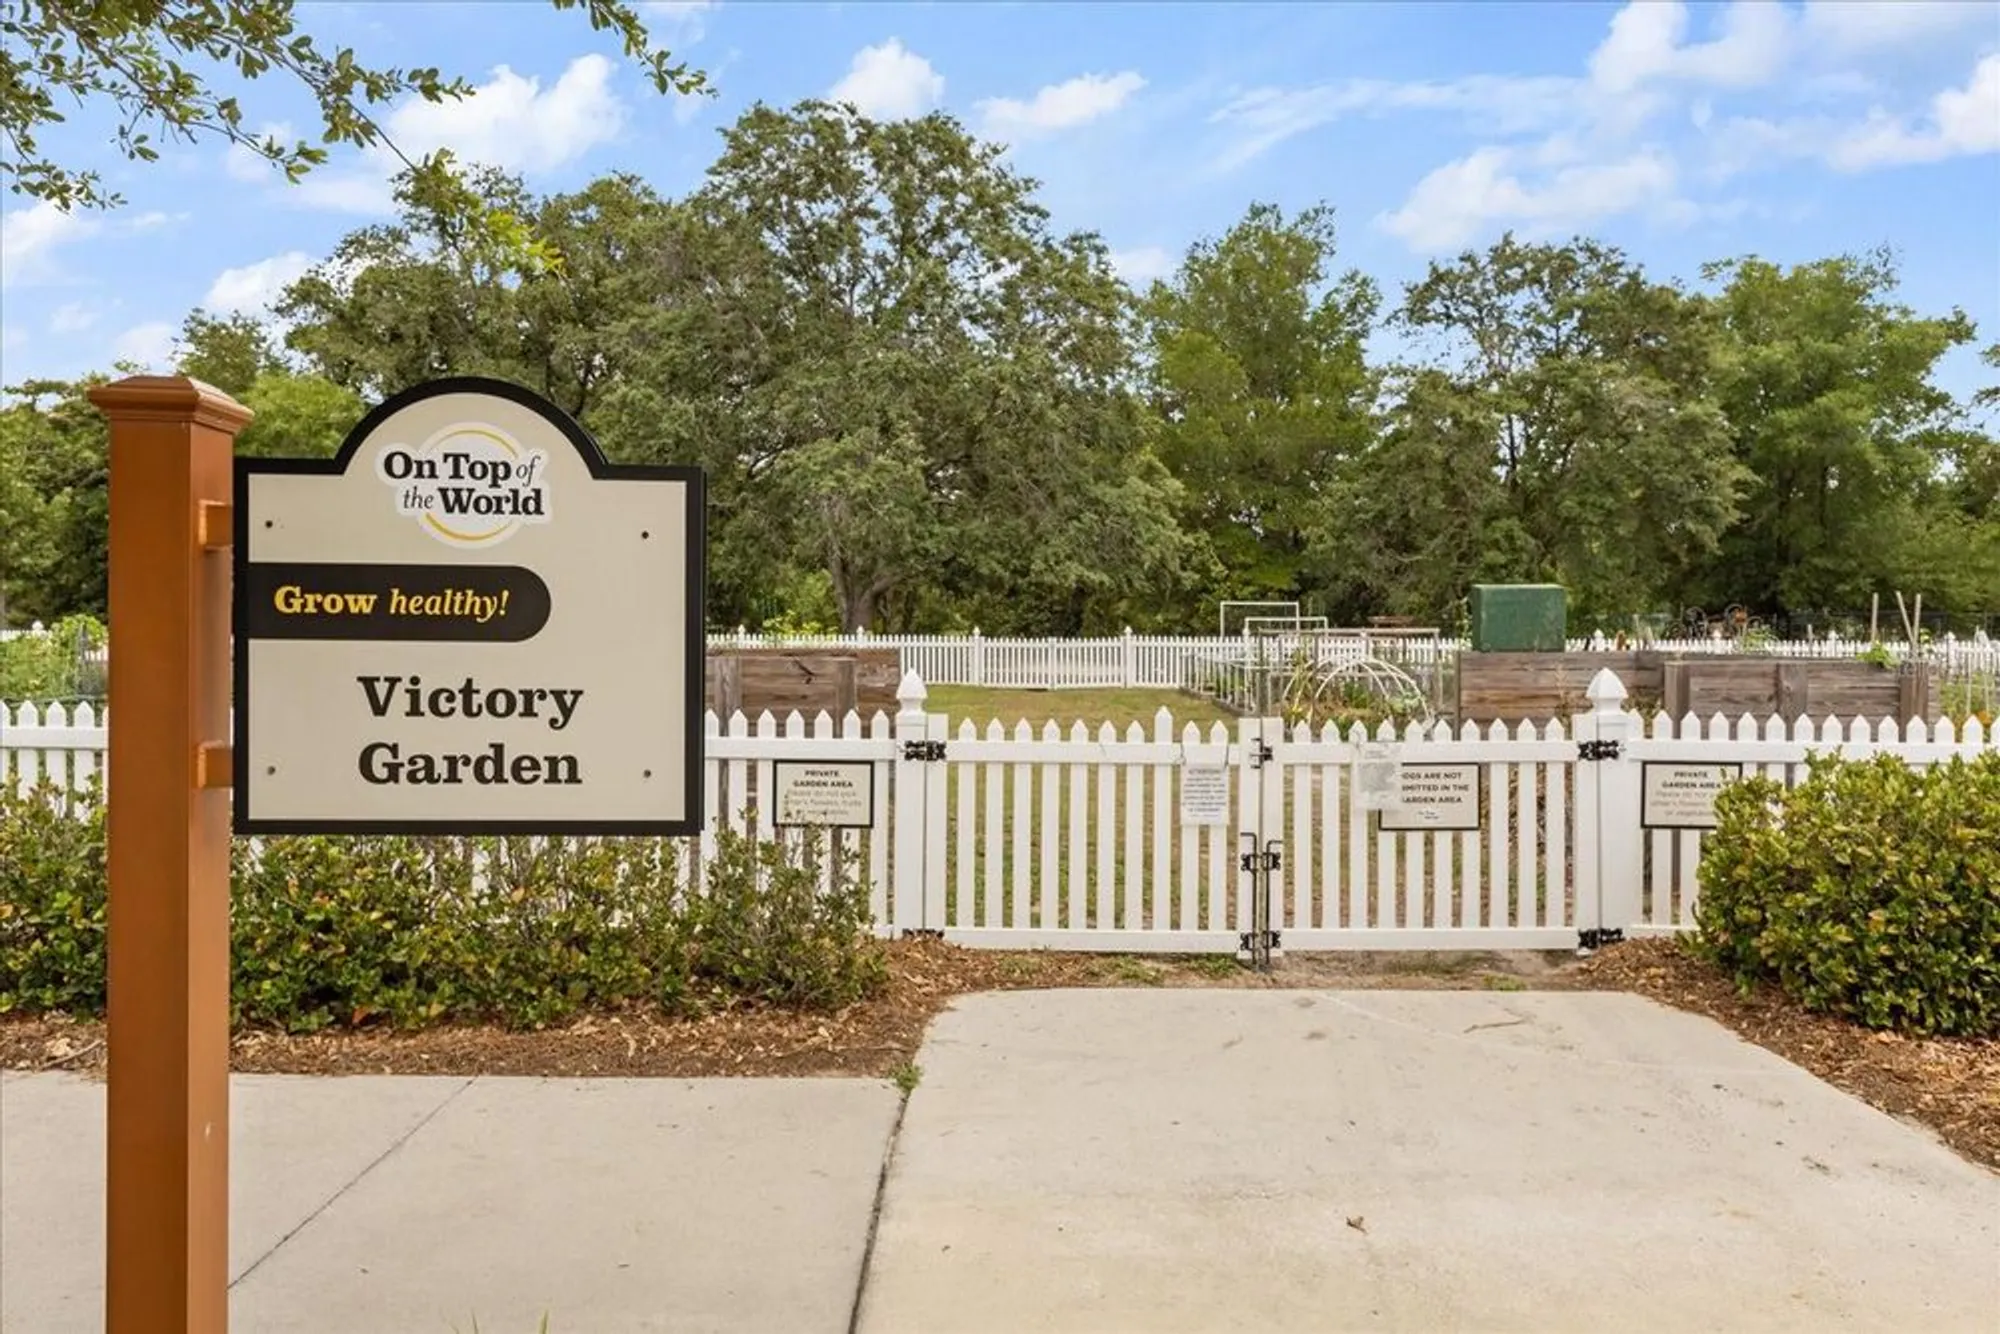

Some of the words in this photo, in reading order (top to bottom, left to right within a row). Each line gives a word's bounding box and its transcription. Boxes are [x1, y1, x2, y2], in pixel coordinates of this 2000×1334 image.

[384, 451, 438, 479] On
[443, 453, 511, 488] Top
[516, 455, 541, 487] of
[404, 486, 434, 509] the
[437, 487, 544, 515] World
[275, 586, 377, 613] Grow
[390, 589, 509, 622] healthy!
[357, 676, 583, 730] Victory
[359, 742, 582, 784] Garden
[1401, 771, 1421, 779] OGS
[1424, 771, 1441, 779] ARE
[1443, 771, 1462, 779] NOT
[1438, 795, 1463, 803] AREA
[1452, 783, 1469, 791] THE
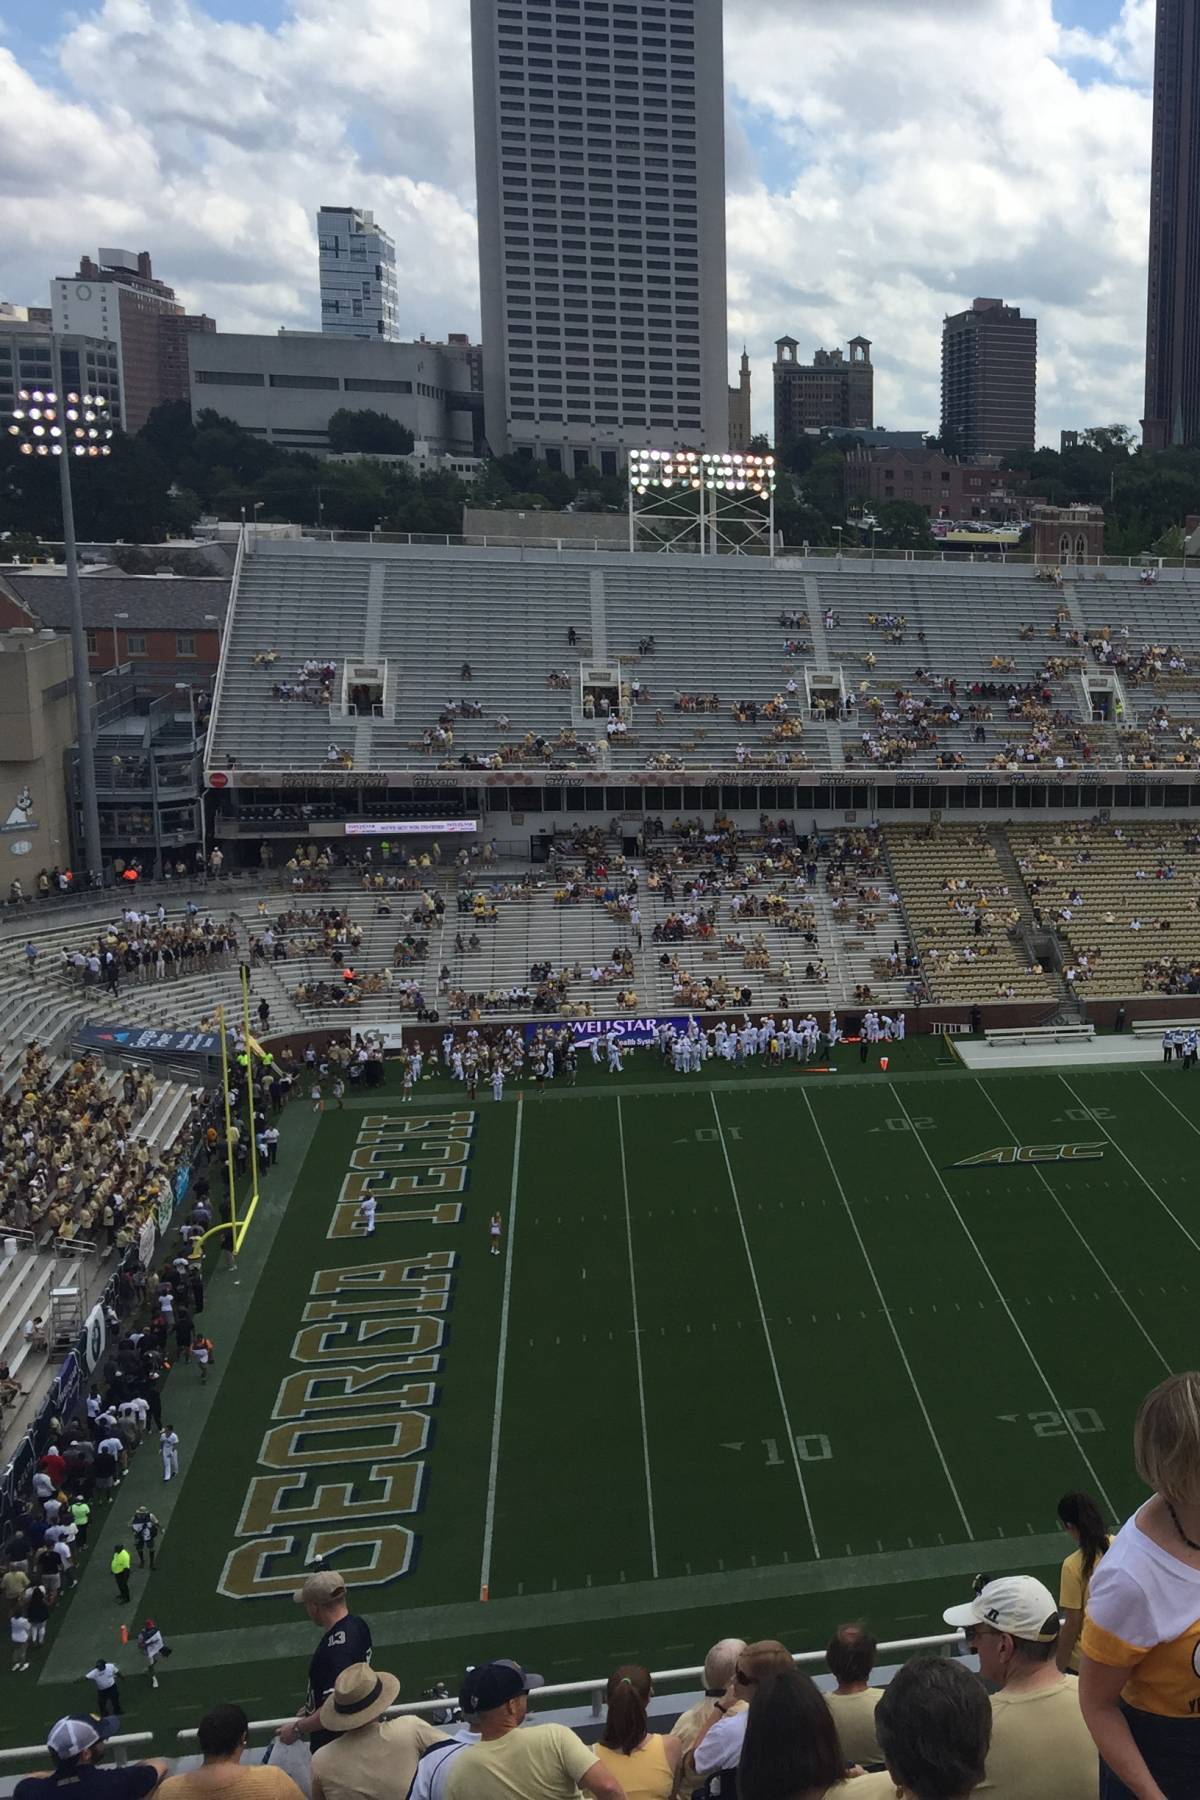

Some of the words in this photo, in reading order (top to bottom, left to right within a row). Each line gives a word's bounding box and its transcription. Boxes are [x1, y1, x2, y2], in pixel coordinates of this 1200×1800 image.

[347, 778, 389, 788] FAME
[571, 1018, 657, 1036] WELLSTAR
[617, 1039, 638, 1051] ealth
[640, 1039, 656, 1050] Syste
[1064, 1107, 1117, 1121] 30
[885, 1116, 937, 1131] 20
[694, 1126, 743, 1142] 10
[952, 1140, 1110, 1164] ACC
[326, 1110, 476, 1239] TECH
[216, 1250, 457, 1602] GEORGIA
[1027, 1407, 1107, 1438] 20
[760, 1433, 835, 1466] 10
[327, 1630, 347, 1648] 13
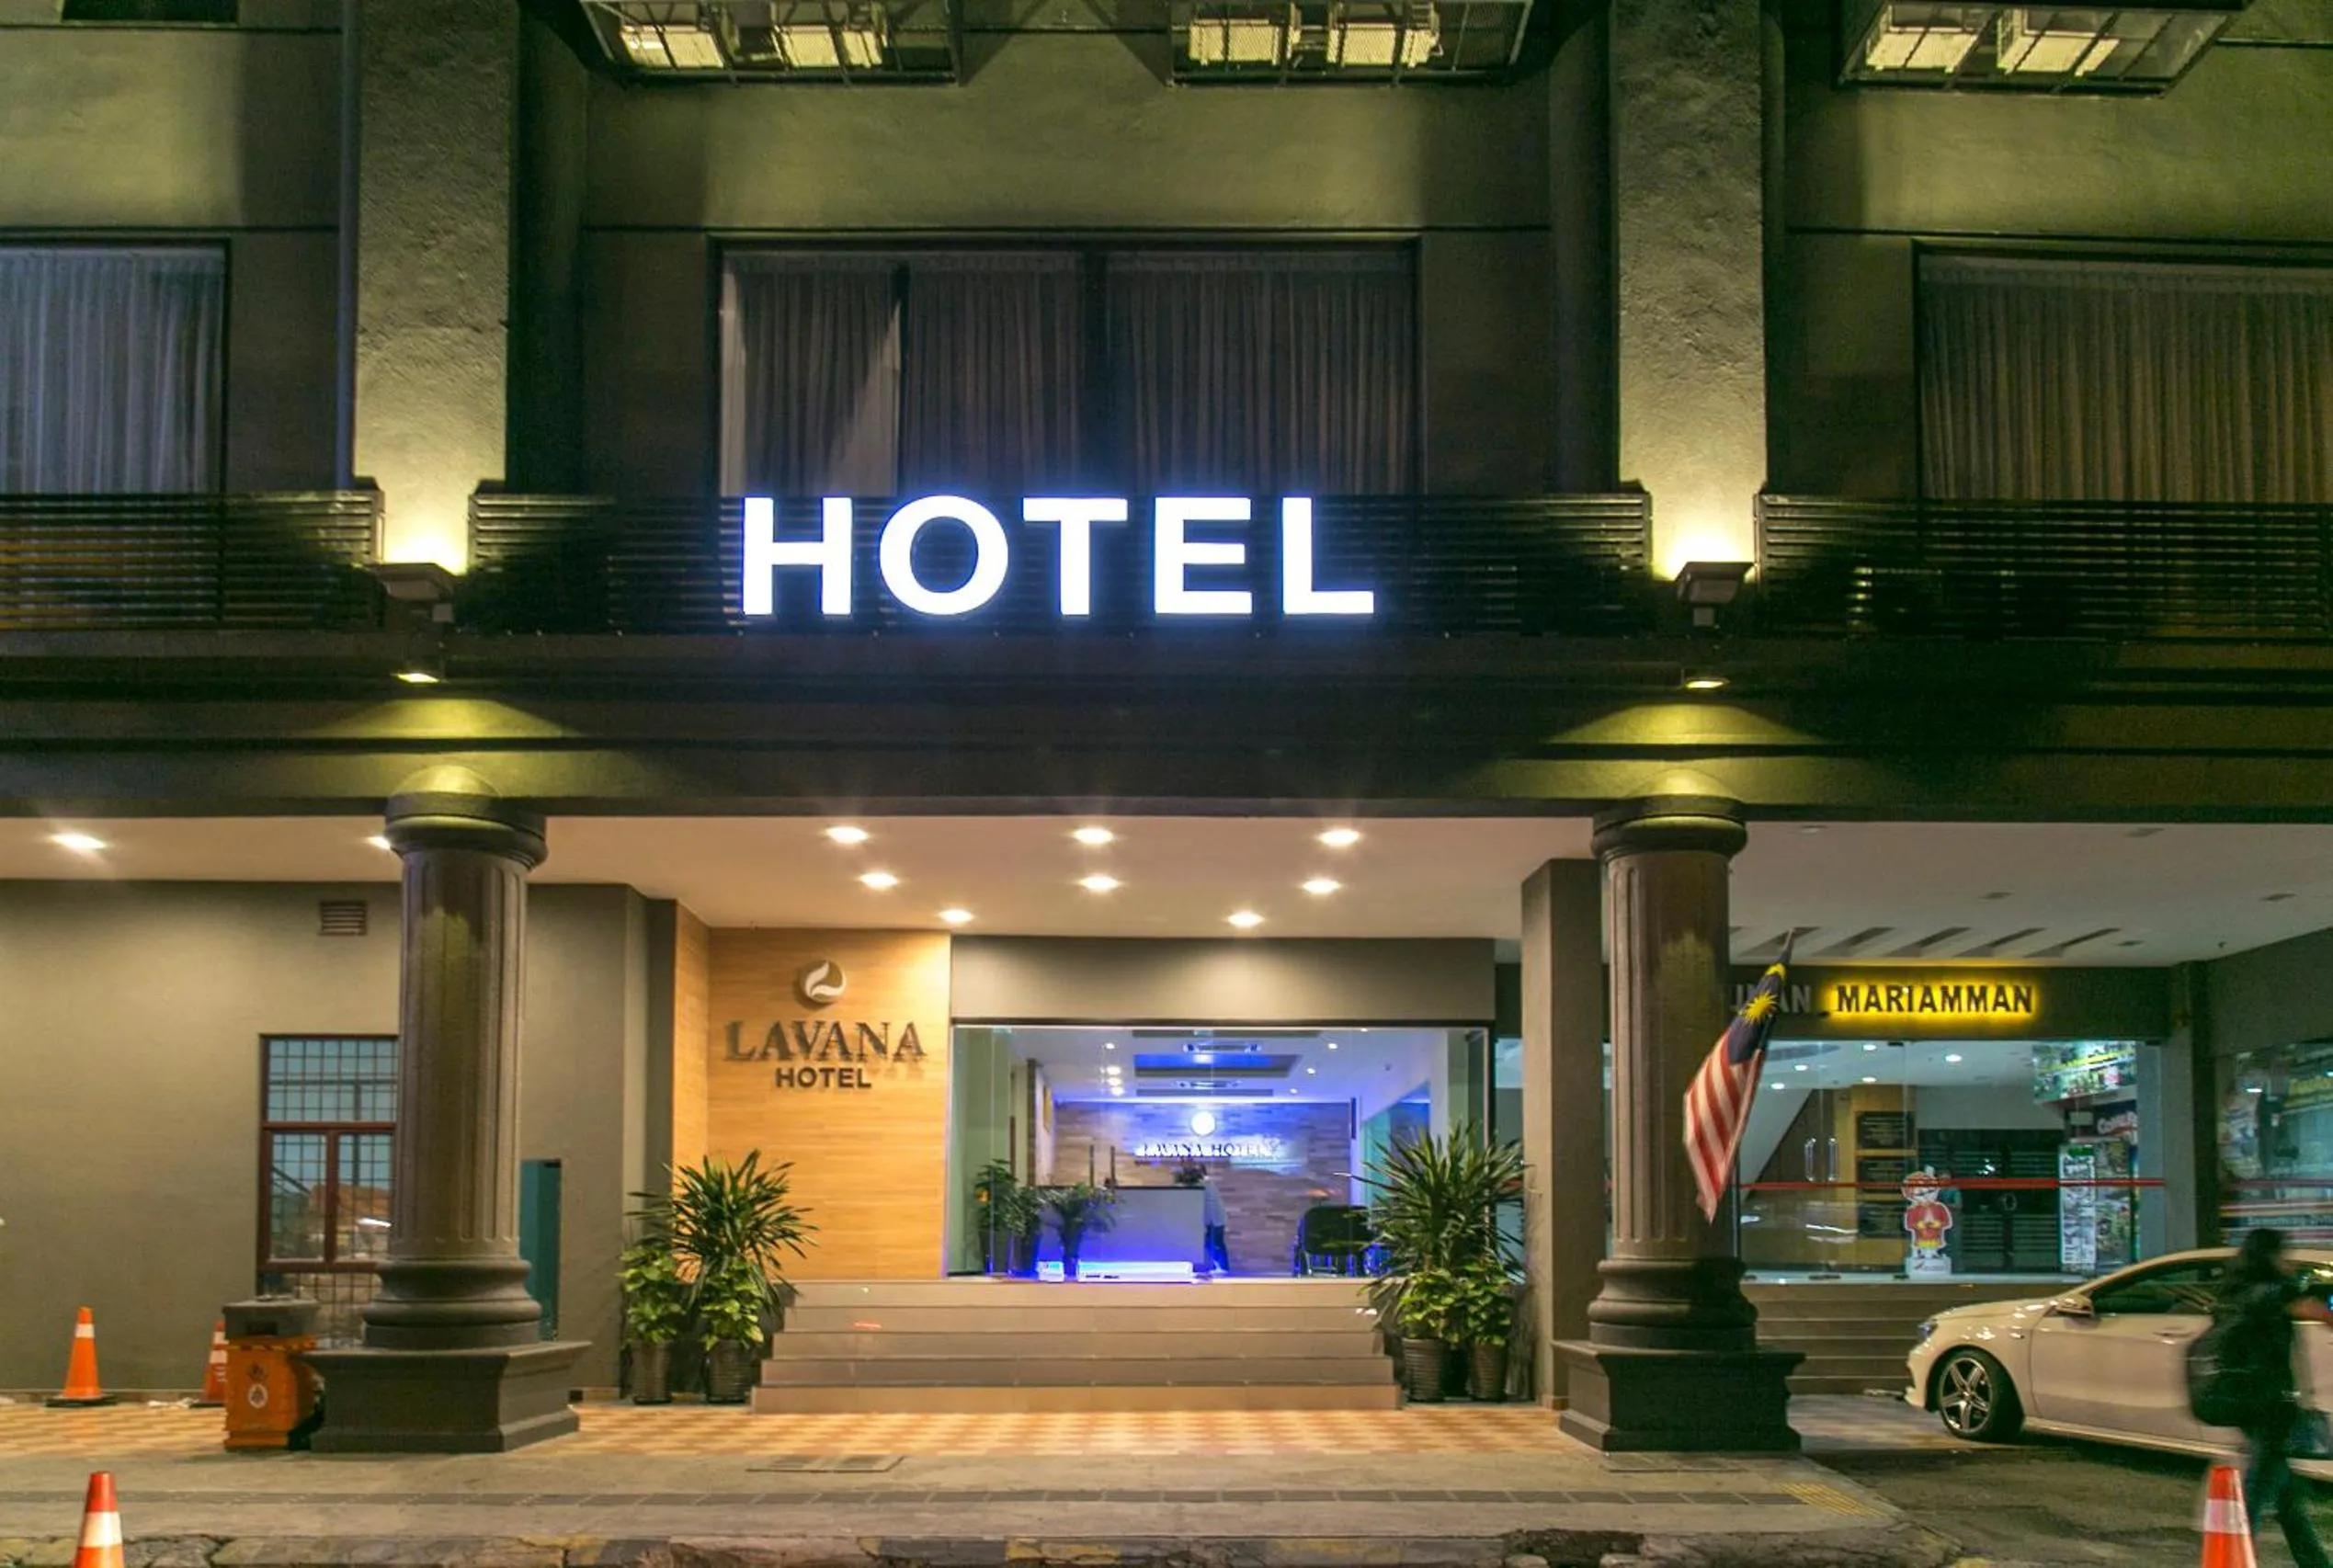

┄┄┄┄┄┄┄┄┄┄┄┄┄┄┄┄┄┄┄┄

= BRIEF =
Print every record above exactly, with no pictures.

= WRITTEN SOLUTION =
Some of the words in this photo, in reading order (top to bottom, left to right within a row). Each line gives a word's bounding box and its transcription. Boxes are [x1, y1, x2, y2], in pixel coordinates of this 2000×1334 image.

[384, 451, 438, 479] On
[443, 453, 511, 488] Top
[516, 455, 541, 487] of
[404, 486, 434, 509] the
[437, 487, 544, 515] World
[275, 586, 377, 613] Grow
[390, 589, 509, 622] healthy!
[357, 676, 583, 730] Victory
[359, 742, 582, 784] Garden
[1401, 771, 1421, 779] OGS
[1424, 771, 1441, 779] ARE
[1443, 771, 1462, 779] NOT
[1438, 795, 1463, 803] AREA
[1452, 783, 1469, 791] THE

Some of the words in this photo, in reading order (top to bottom, left to right within a row). Each line gives a word's bounding box and its transcription. Boxes are [x1, y1, x2, y2], in pixel coordinates of this 1200×1800 image.

[347, 778, 389, 788] FAME
[571, 1018, 657, 1036] WELLSTAR
[617, 1039, 638, 1051] ealth
[640, 1039, 656, 1050] Syste
[1064, 1107, 1117, 1121] 30
[885, 1116, 937, 1131] 20
[694, 1126, 743, 1142] 10
[952, 1140, 1110, 1164] ACC
[326, 1110, 476, 1239] TECH
[216, 1250, 457, 1602] GEORGIA
[1027, 1407, 1107, 1438] 20
[760, 1433, 835, 1466] 10
[327, 1630, 347, 1648] 13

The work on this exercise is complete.